Output all of the data exactly, keeping any images out of the copy.

*****

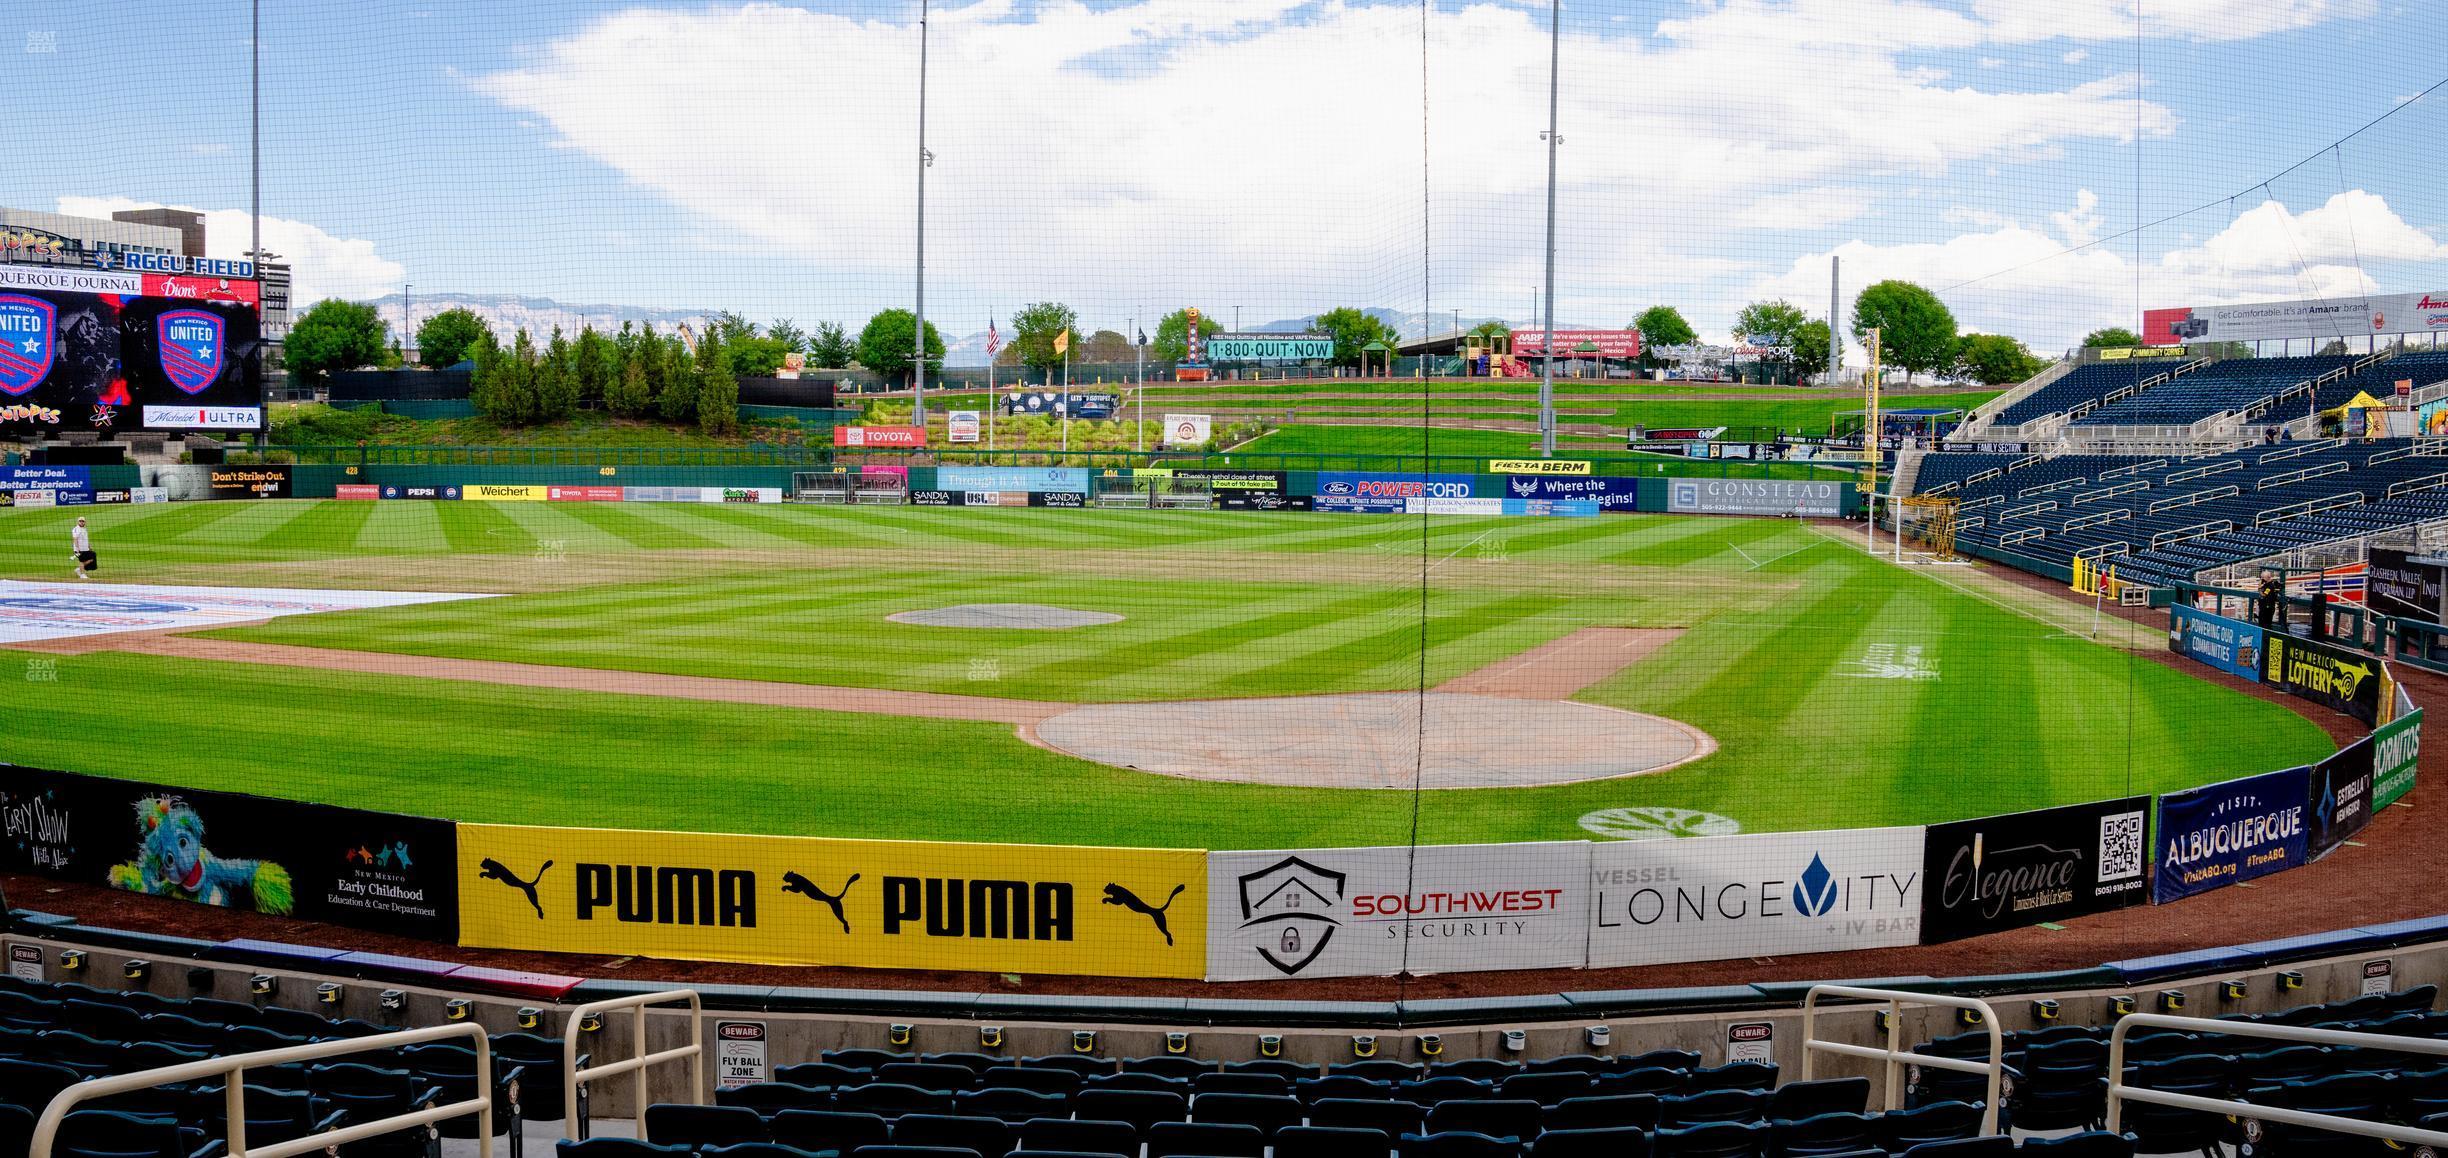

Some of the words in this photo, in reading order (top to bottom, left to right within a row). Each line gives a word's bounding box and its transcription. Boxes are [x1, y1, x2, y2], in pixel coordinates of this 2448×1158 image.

[124, 251, 185, 274] RGCU
[193, 256, 254, 278] FIELD
[72, 276, 140, 291] JOURNAL
[161, 276, 197, 298] Dion's
[2218, 311, 2231, 320] Get
[2232, 309, 2281, 319] Comfortable.
[170, 326, 213, 341] UNITED
[1516, 333, 1544, 341] AARP
[1569, 333, 1592, 342] working
[209, 412, 256, 423] ULTRA
[867, 432, 913, 441] TOYOTA
[1977, 443, 1997, 453] FAMILY
[1998, 443, 2021, 452] SECTION
[14, 469, 42, 478] Better
[45, 469, 67, 477] Deal.
[599, 467, 616, 476] 400
[1542, 463, 1586, 472] BERM
[212, 472, 237, 481] Don't
[238, 472, 265, 481] Strike
[266, 472, 285, 480] Out.
[949, 475, 995, 488] Through
[1013, 475, 1027, 487] All
[0, 481, 29, 489] Better
[251, 482, 279, 491] endwi
[480, 486, 529, 497] Weichert
[1328, 484, 1349, 493] Ford
[1545, 481, 1584, 493] Where
[1585, 479, 1606, 490] the
[1708, 481, 1832, 498] GONSTEAD
[1855, 482, 1873, 493] 340
[408, 488, 435, 496] PEPSI
[914, 491, 950, 500] SANDIA
[1044, 492, 1082, 502] SANDIA
[1588, 492, 1633, 507] Begins!
[2400, 569, 2421, 586] VALLES
[2405, 587, 2416, 600] LLP
[2191, 618, 2221, 640] POWERING
[2220, 626, 2234, 644] OUR
[2192, 636, 2230, 662] COMMUNITIES
[2289, 647, 2305, 662] NEW
[2306, 651, 2336, 670] MEXICO
[2288, 658, 2334, 695] LOTTERY
[2337, 776, 2364, 807] ESTRELLA
[2336, 806, 2346, 824] NEW
[2345, 798, 2360, 818] MEXICO
[3, 802, 33, 841] EARLY
[34, 795, 69, 845] SHOW
[2165, 806, 2303, 868] ALBUQUERQUE
[2183, 863, 2237, 885] VisitABQ.org
[2247, 848, 2285, 868] #TrueABQ
[355, 869, 373, 879] NEW
[375, 871, 406, 882] MEXICO
[1595, 866, 1681, 886] VESSEL
[338, 878, 366, 896] Early
[368, 882, 424, 901] Childhood
[576, 862, 757, 928] PUMA
[1598, 851, 1917, 928] LONGEVITY
[2095, 885, 2112, 897] (505)
[2112, 880, 2143, 893] 918-8002
[327, 893, 364, 908] Education
[364, 899, 372, 908] &
[372, 899, 390, 911] Care
[391, 902, 436, 917] Department
[883, 875, 1074, 942] PUMA
[1352, 889, 1563, 916] SOUTHWEST
[1387, 921, 1528, 939] SECURITY
[1845, 921, 1866, 936] IV
[1875, 916, 1918, 933] BAR
[15, 950, 39, 960] BEWARE
[2367, 964, 2388, 974] BEWARE
[725, 1027, 758, 1036] BEWARE
[1735, 1028, 1766, 1038] BEWARE
[722, 1056, 738, 1066] FLY
[740, 1057, 763, 1067] BALL
[731, 1067, 754, 1077] ZONE
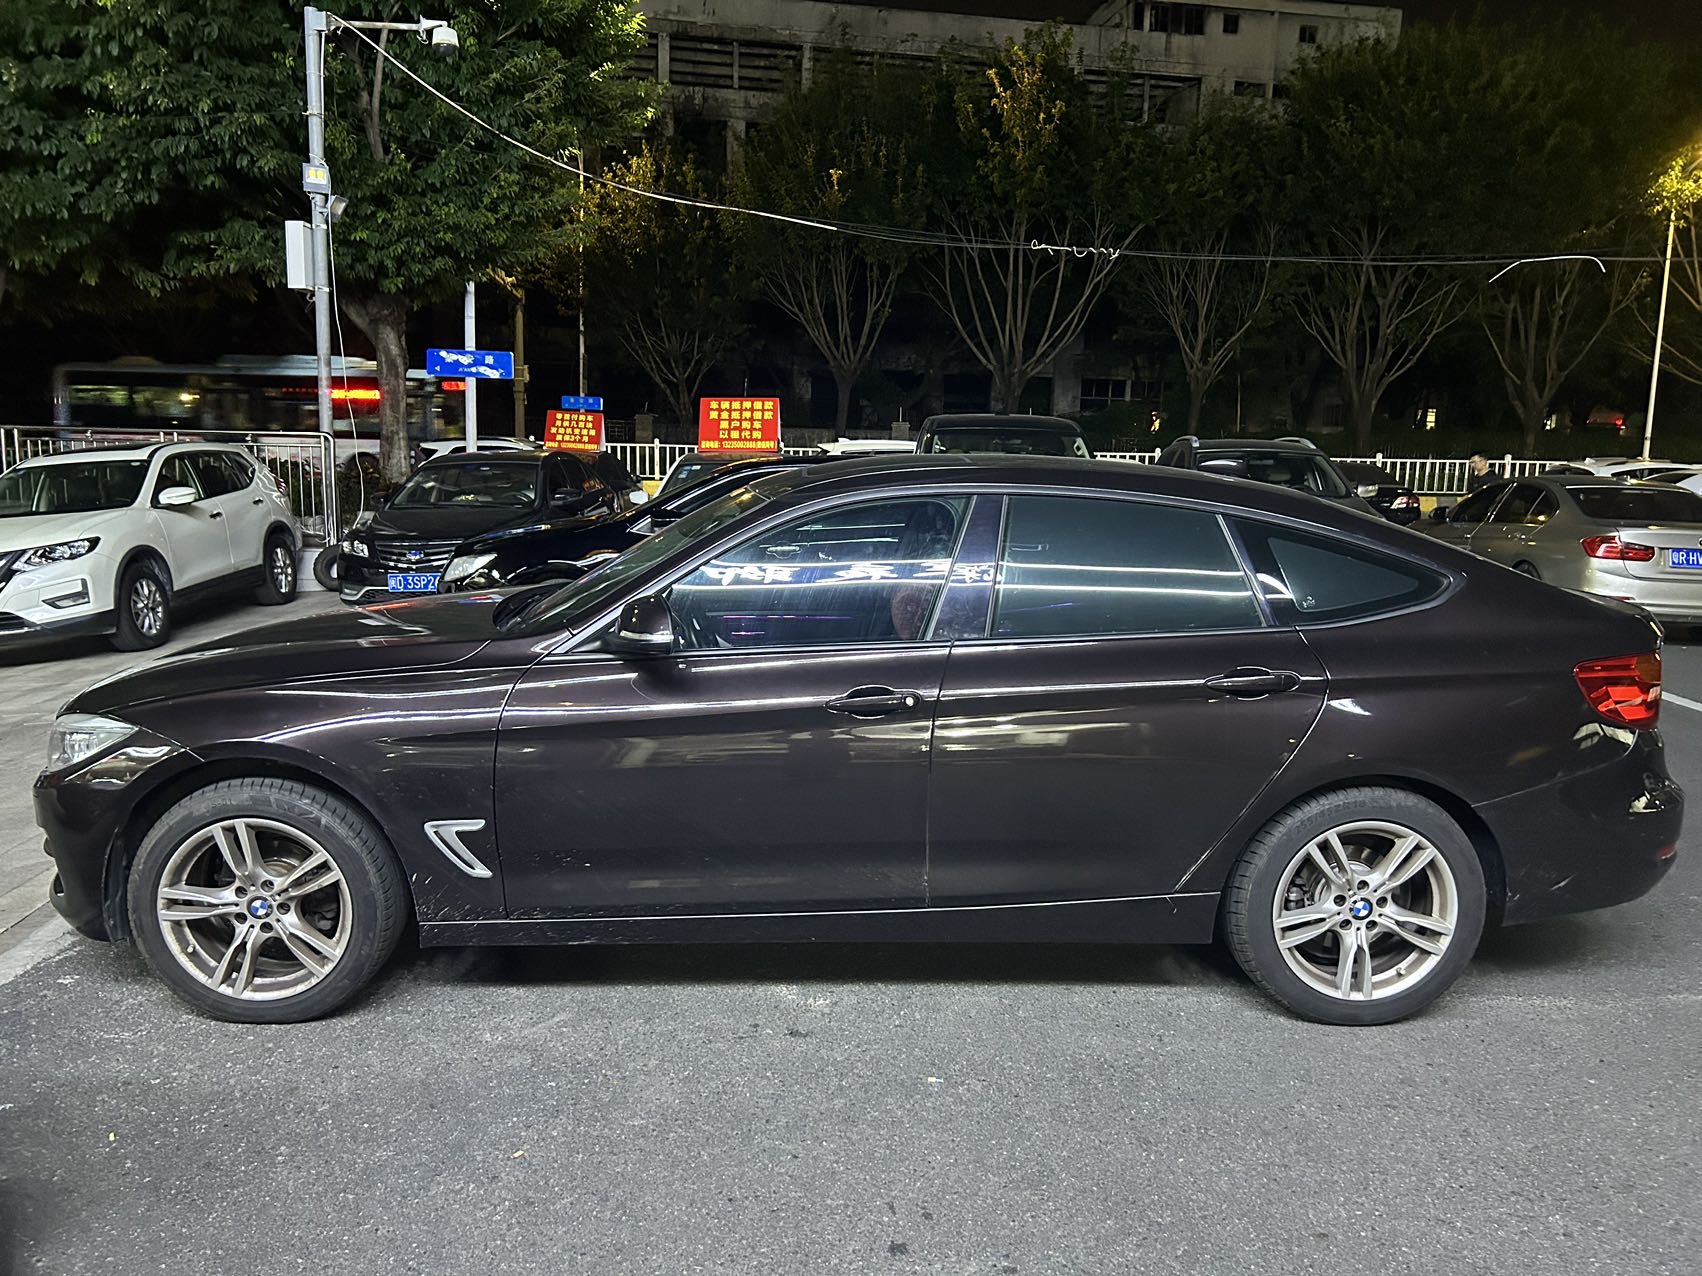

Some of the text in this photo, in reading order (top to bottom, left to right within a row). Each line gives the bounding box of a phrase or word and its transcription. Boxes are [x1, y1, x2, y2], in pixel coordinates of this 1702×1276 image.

*****

▶ _Solution to this exercise_:
Some of the words in this photo, in reading order (top to bottom, left to right within a row). Each line gives a word's bounding box and its transcription. Boxes are [x1, y1, x2, y2], in pixel coordinates of this 2448×1158 image.

[124, 251, 185, 274] RGCU
[193, 256, 254, 278] FIELD
[72, 276, 140, 291] JOURNAL
[161, 276, 197, 298] Dion's
[2218, 311, 2231, 320] Get
[2232, 309, 2281, 319] Comfortable.
[170, 326, 213, 341] UNITED
[1516, 333, 1544, 341] AARP
[1569, 333, 1592, 342] working
[209, 412, 256, 423] ULTRA
[867, 432, 913, 441] TOYOTA
[1977, 443, 1997, 453] FAMILY
[1998, 443, 2021, 452] SECTION
[14, 469, 42, 478] Better
[45, 469, 67, 477] Deal.
[599, 467, 616, 476] 400
[1542, 463, 1586, 472] BERM
[212, 472, 237, 481] Don't
[238, 472, 265, 481] Strike
[266, 472, 285, 480] Out.
[949, 475, 995, 488] Through
[1013, 475, 1027, 487] All
[0, 481, 29, 489] Better
[251, 482, 279, 491] endwi
[480, 486, 529, 497] Weichert
[1328, 484, 1349, 493] Ford
[1545, 481, 1584, 493] Where
[1585, 479, 1606, 490] the
[1708, 481, 1832, 498] GONSTEAD
[1855, 482, 1873, 493] 340
[408, 488, 435, 496] PEPSI
[914, 491, 950, 500] SANDIA
[1044, 492, 1082, 502] SANDIA
[1588, 492, 1633, 507] Begins!
[2400, 569, 2421, 586] VALLES
[2405, 587, 2416, 600] LLP
[2191, 618, 2221, 640] POWERING
[2220, 626, 2234, 644] OUR
[2192, 636, 2230, 662] COMMUNITIES
[2289, 647, 2305, 662] NEW
[2306, 651, 2336, 670] MEXICO
[2288, 658, 2334, 695] LOTTERY
[2337, 776, 2364, 807] ESTRELLA
[2336, 806, 2346, 824] NEW
[2345, 798, 2360, 818] MEXICO
[3, 802, 33, 841] EARLY
[34, 795, 69, 845] SHOW
[2165, 806, 2303, 868] ALBUQUERQUE
[2183, 863, 2237, 885] VisitABQ.org
[2247, 848, 2285, 868] #TrueABQ
[355, 869, 373, 879] NEW
[375, 871, 406, 882] MEXICO
[1595, 866, 1681, 886] VESSEL
[338, 878, 366, 896] Early
[368, 882, 424, 901] Childhood
[576, 862, 757, 928] PUMA
[1598, 851, 1917, 928] LONGEVITY
[2095, 885, 2112, 897] (505)
[2112, 880, 2143, 893] 918-8002
[327, 893, 364, 908] Education
[364, 899, 372, 908] &
[372, 899, 390, 911] Care
[391, 902, 436, 917] Department
[883, 875, 1074, 942] PUMA
[1352, 889, 1563, 916] SOUTHWEST
[1387, 921, 1528, 939] SECURITY
[1845, 921, 1866, 936] IV
[1875, 916, 1918, 933] BAR
[15, 950, 39, 960] BEWARE
[2367, 964, 2388, 974] BEWARE
[725, 1027, 758, 1036] BEWARE
[1735, 1028, 1766, 1038] BEWARE
[722, 1056, 738, 1066] FLY
[740, 1057, 763, 1067] BALL
[731, 1067, 754, 1077] ZONE

Some of the text in this photo, in reading order (top to bottom, left to right within a row). Each line gives the bounding box of a phrase or word and its transcription. Boxes are [x1, y1, x2, y2], in pixel coordinates of this 1702×1276 image.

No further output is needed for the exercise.